Il nove di Av è il giorno di maggior lutto del calendario ebraico. La tradizione colloca in questo giorno la distruzione del Primo e del Secondo Tempio. A questa data vengono collegate altre calamità che hanno colpito il popolo ebraico nella diaspora, compreso l’editto del 1492 di espulsione dalla Spagna (v. Arthur Green, Queste sono le parole, p.328), come pure il rogo dei libri talmudici avvenuto a Parigi nel 1244. Si ricordano anche, oltre la distruzione delle comunità sefardite di Andalusia ed Aragona, anche le distruzioni delle comunità aschenazite nella Germania e nella Francia (v. Yeshayahu Leibowitz, Le feste ebraiche, p. 104).

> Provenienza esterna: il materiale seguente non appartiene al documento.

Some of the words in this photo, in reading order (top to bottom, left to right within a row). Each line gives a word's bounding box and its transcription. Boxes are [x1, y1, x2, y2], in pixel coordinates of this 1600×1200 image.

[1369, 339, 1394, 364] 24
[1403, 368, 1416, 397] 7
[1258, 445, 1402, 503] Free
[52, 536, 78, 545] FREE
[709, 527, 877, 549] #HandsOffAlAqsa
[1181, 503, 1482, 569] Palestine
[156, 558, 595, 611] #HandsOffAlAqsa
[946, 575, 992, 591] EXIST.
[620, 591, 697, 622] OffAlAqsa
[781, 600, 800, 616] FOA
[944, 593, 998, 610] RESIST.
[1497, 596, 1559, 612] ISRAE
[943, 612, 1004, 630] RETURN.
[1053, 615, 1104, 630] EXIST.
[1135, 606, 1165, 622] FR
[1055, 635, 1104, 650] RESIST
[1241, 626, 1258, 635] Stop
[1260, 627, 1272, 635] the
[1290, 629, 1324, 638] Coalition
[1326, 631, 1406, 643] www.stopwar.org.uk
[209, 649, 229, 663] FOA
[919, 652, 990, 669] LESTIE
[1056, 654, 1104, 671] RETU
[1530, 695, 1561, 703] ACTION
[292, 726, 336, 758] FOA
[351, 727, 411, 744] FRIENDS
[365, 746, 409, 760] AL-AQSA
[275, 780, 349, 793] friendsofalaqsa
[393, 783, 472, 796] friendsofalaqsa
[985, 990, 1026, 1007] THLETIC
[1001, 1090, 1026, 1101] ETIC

E’ una giornata di digiuno totale. La sera la Sinagoga è oscurata e la Comunità siede su panche basse o sul pavimento. Vengono intonati i versi del rotolo delle “Lamentazioni” di Geremia, ai quali segue la lettura delle “kinot”, lamentazioni funebri per lo più di epoca medievale.
La mattina seguente proseguono le lamentazioni funebri e non si indossano i “tefillìn” in segno di estrema angoscia. L’obbligo quotidiano di indossarli verrà rispettato solamente nel pomeriggio per il servizio di “Minchàh”.
Le “Lamentazioni” di Geremia sono contenute nel terzo libro delle Meghilloth, che prende il nome di “Echà” dalla prima parola del testo, che significa “Come mai”. Si tratta di una raccolta di elegie ispirate al disfacimento del Regno di Giuda ad opera dei Babilonesi, e quindi alla distruzione del Tempio di Gerusalemme ed all’esilio del popolo ebraico.
Questi avvenimenti catastrofici sono trattati, spiegati e commentati non, come faremmo noi al giorno d’oggi, sulla base di considerazioni politiche, economiche e militari, bensì conformandosi esclusivamente a considerazioni di tipo religioso.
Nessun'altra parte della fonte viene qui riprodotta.